To find the sum of two matrices, add the corresponding elements from each matrix. Matrix \(A\) and \(B\) have the same dimensions, so we can perform the addition. \[A+B = \begin{bmatrix} 1 & -2 & 5 \ 3 & -4 & -1 \end{bmatrix} + \begin{bmatrix} 0 & -1 & -5 \ -3 & 1 & 2 \end{bmatrix} = \begin{bmatrix} (1+0) & (-2-1) & (5-5) \ (3-3) & (-4+1) & (-1+2) \end{bmatrix} = \begin{bmatrix} 1 & -3 & 0 \ 0 & -3 & 1 \end{bmatrix} \]The sum of matrices \(A\) and \(B\) is \(\begin{bmatrix} 1 & -3 & 0 \ 0 & -3 & 1 \end{bmatrix}\).

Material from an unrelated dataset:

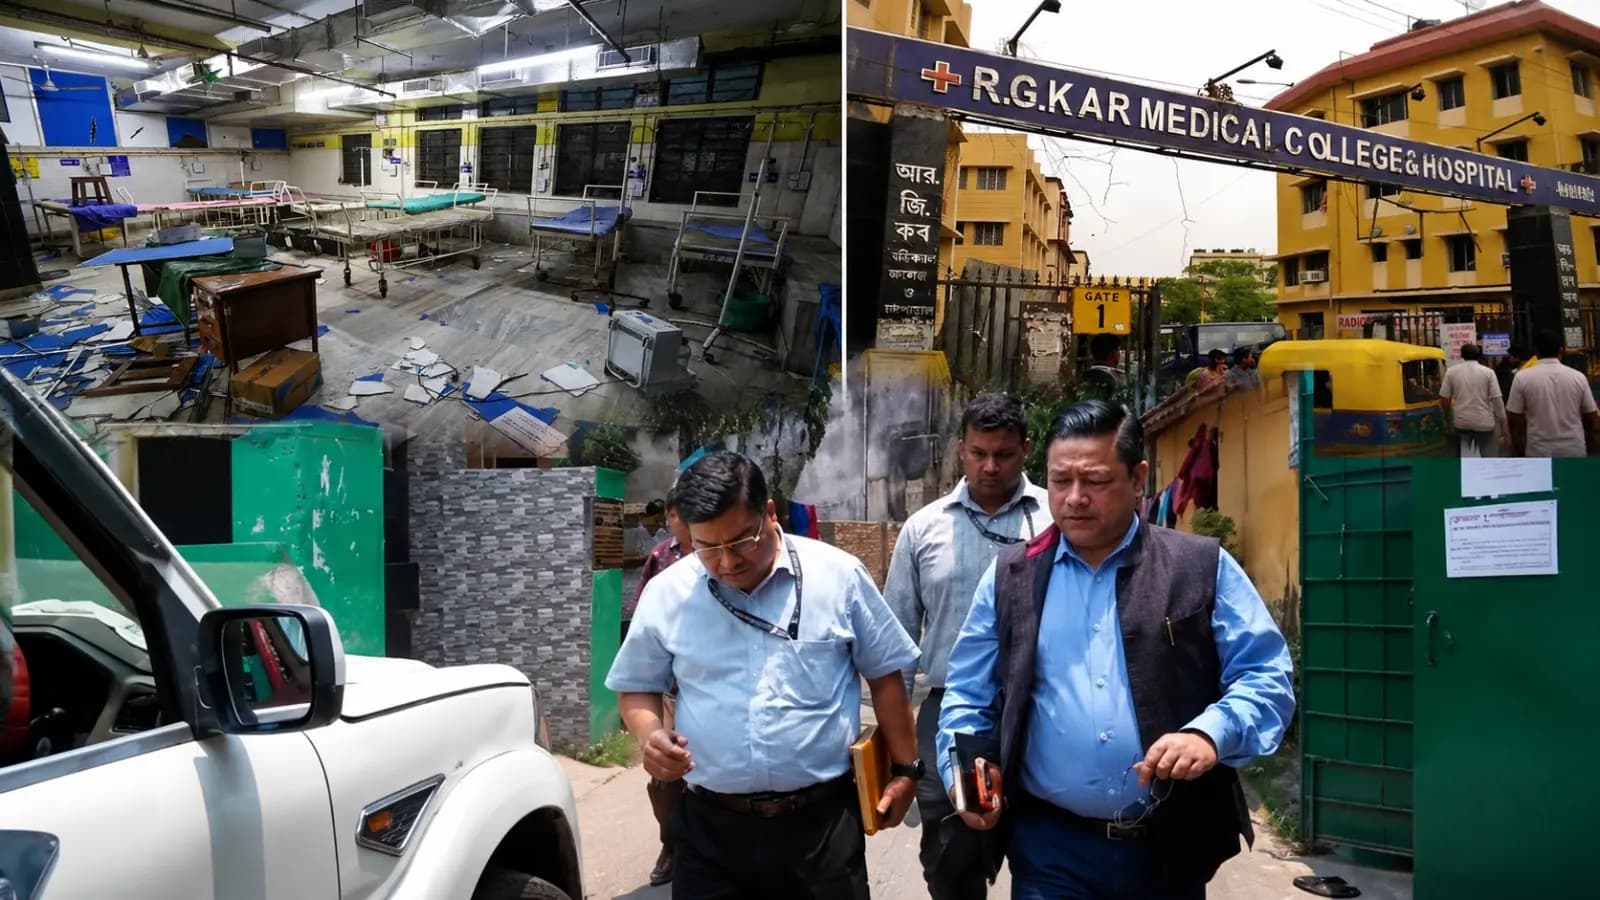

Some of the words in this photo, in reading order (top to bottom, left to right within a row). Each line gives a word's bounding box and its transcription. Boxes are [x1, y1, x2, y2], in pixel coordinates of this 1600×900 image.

[1140, 97, 1279, 153] MEDICAL
[1084, 291, 1120, 303] GATE
[1096, 304, 1105, 329] 1

To find \(3A\), multiply each element of matrix \(A\) by the scalar 3.\[3A = 3 \cdot \begin{bmatrix} 1 & -2 & 5 \ 3 & -4 & -1 \end{bmatrix} = \begin{bmatrix} 3 \cdot 1 & 3 \cdot (-2) & 3 \cdot 5 \ 3 \cdot 3 & 3 \cdot (-4) & 3 \cdot (-1) \end{bmatrix} = \begin{bmatrix} 3 & -6 & 15 \ 9 & -12 & -3 \end{bmatrix} \]The result of scalar multiplication is \(\begin{bmatrix} 3 & -6 & 15 \ 9 & -12 & -3 \end{bmatrix}\).

To find \(2A - 3B\), calculate \(2A\) by multiplying each element of matrix \(A\) by 2, and \(3B\) by multiplying each element of matrix \(B\) by 3. Then subtract \(3B\) from \(2A\).First calculate \(2A\):\[2A = 2 \cdot \begin{bmatrix} 1 & -2 & 5 \ 3 & -4 & -1 \end{bmatrix} = \begin{bmatrix} 2 & -4 & 10 \ 6 & -8 & -2 \end{bmatrix}\]Next calculate \(3B\):\[3B = 3 \cdot \begin{bmatrix} 0 & -1 & -5 \ -3 & 1 & 2 \end{bmatrix} = \begin{bmatrix} 0 & -3 & -15 \ -9 & 3 & 6 \end{bmatrix}\]Now compute: \[2A - 3B = \begin{bmatrix} 2 & -4 & 10 \ 6 & -8 & -2 \end{bmatrix} - \begin{bmatrix} 0 & -3 & -15 \ -9 & 3 & 6 \end{bmatrix} = \begin{bmatrix} (2-0) & (-4+3) & (10+15) \ (6+9) & (-8-3) & (-2-6) \end{bmatrix} = \begin{bmatrix} 2 & -1 & 25 \ 15 & -11 & -8 \end{bmatrix}\]The result of the linear combination is \(\begin{bmatrix} 2 & -1 & 25 \ 15 & -11 & -8 \end{bmatrix}\).